Enhance immunity: Vitamin C can also play a role in improving immunity. Vitamin C has the effect of promoting antibody production. High concentrations of vitamin C help reduce cystine in food protein to cysteine, and then synthesize antibodies in the body to improve the body's immunity.
Beauty and skin care: Because vitamin C can promote the synthesis of collagen, it makes the connection between protein cells tighter, making the skin more elastic, shiny, and firm. Vitamin C can prevent melanin deposition and promote melanin metabolism. Supplementing vitamin C can prevent the formation of spots and gradually whiten the skin. Women with chloasma can eat more foods rich in vitamin C.

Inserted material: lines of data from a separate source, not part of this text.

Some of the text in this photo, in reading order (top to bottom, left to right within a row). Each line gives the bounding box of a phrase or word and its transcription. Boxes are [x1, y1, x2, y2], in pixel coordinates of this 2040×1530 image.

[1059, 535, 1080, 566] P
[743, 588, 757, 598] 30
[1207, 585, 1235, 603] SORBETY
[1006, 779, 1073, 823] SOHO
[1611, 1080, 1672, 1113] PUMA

Promote iron absorption: Vitamin C helps promote intestinal absorption of iron. Vitamin C can reduce trivalent iron in food to divalent iron, which is easier to be absorbed by the human body. Proper supplementation of vitamin C helps prevent the occurrence of iron deficiency anemia.

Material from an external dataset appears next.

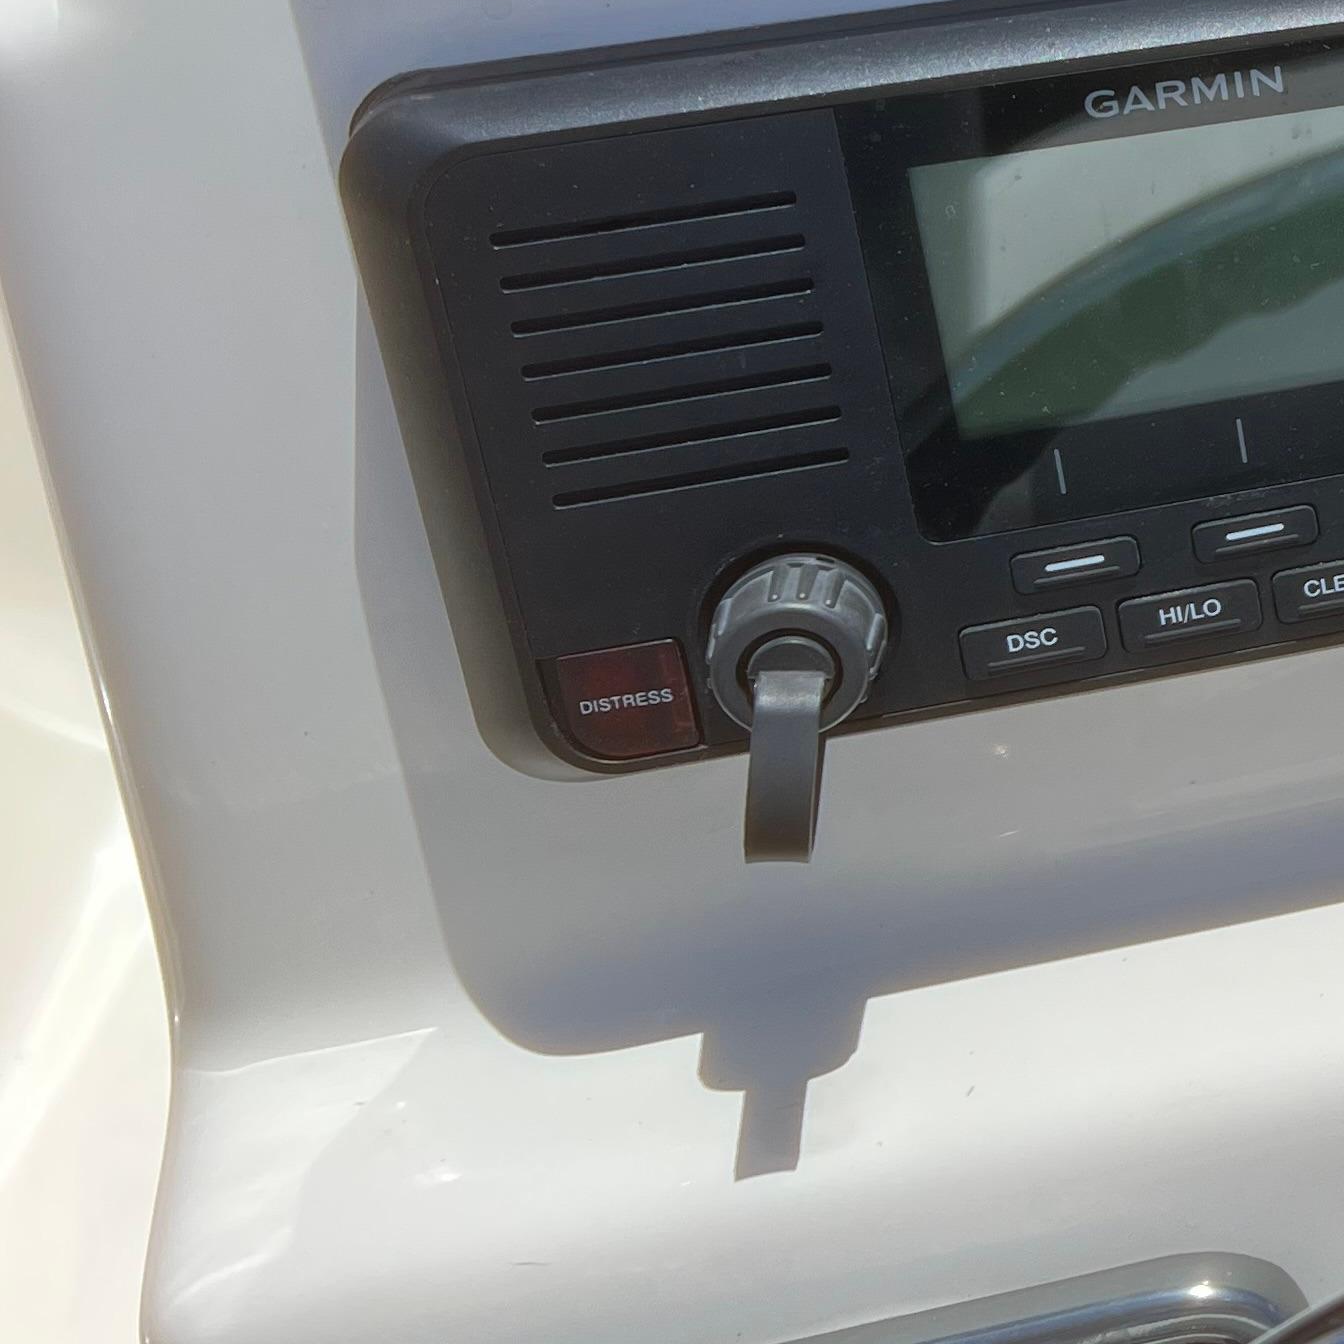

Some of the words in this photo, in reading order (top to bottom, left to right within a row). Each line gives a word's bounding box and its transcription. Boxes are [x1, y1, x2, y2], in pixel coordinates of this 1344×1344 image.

[1083, 65, 1284, 118] GARMIN
[1158, 598, 1222, 626] HI/LO
[1006, 626, 1058, 654] DSC
[579, 688, 674, 715] DISTRESS

Promote cholesterol metabolism: Cholesterol is an important component of cell membranes and plasma lipoproteins, and is also a precursor of many important substances, such as bile acid, adrenal cortex hormones, vitamin D, sex hormones, etc. In the process of cholesterol metabolism, vitamin C is a coenzyme for the hydroxylation of the cholesterol ring part, and the side chain decomposes into bile acid. Therefore, vitamin C can regulate the metabolism and synthesis of cholesterol in both directions.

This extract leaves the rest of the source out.